*** Block opens ***

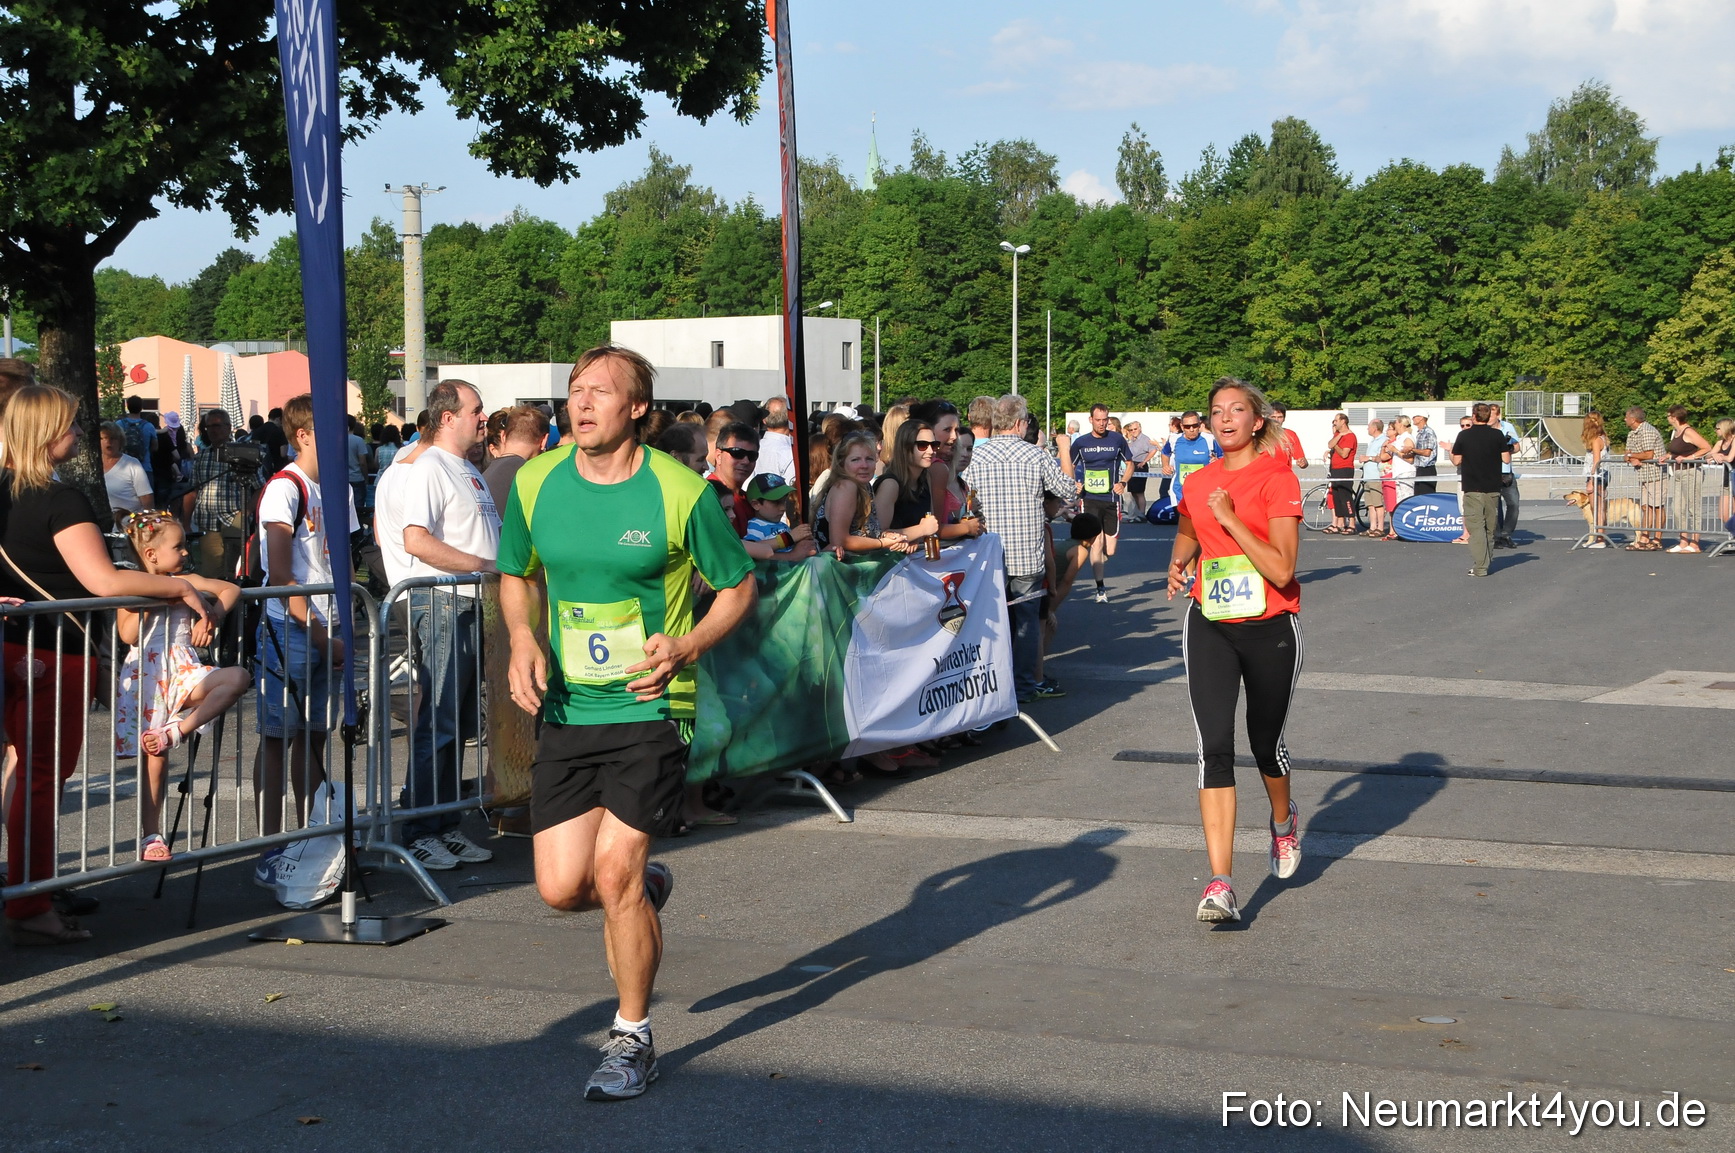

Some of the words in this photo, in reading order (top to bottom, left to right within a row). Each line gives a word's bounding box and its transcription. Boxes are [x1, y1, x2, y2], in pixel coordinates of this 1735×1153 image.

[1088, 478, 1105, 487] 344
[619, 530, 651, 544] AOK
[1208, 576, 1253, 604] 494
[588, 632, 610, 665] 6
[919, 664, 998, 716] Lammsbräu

*** Block closes ***

Would you write out an exact copy of the entries above, with no images?

Reply:
Some of the words in this photo, in reading order (top to bottom, left to right within a row). Each line gives a word's bounding box and its transcription. Boxes are [x1, y1, x2, y2], in pixel coordinates of this 1735×1153 image.

[1088, 478, 1105, 487] 344
[619, 530, 651, 544] AOK
[1208, 576, 1253, 604] 494
[588, 632, 610, 665] 6
[919, 664, 998, 716] Lammsbräu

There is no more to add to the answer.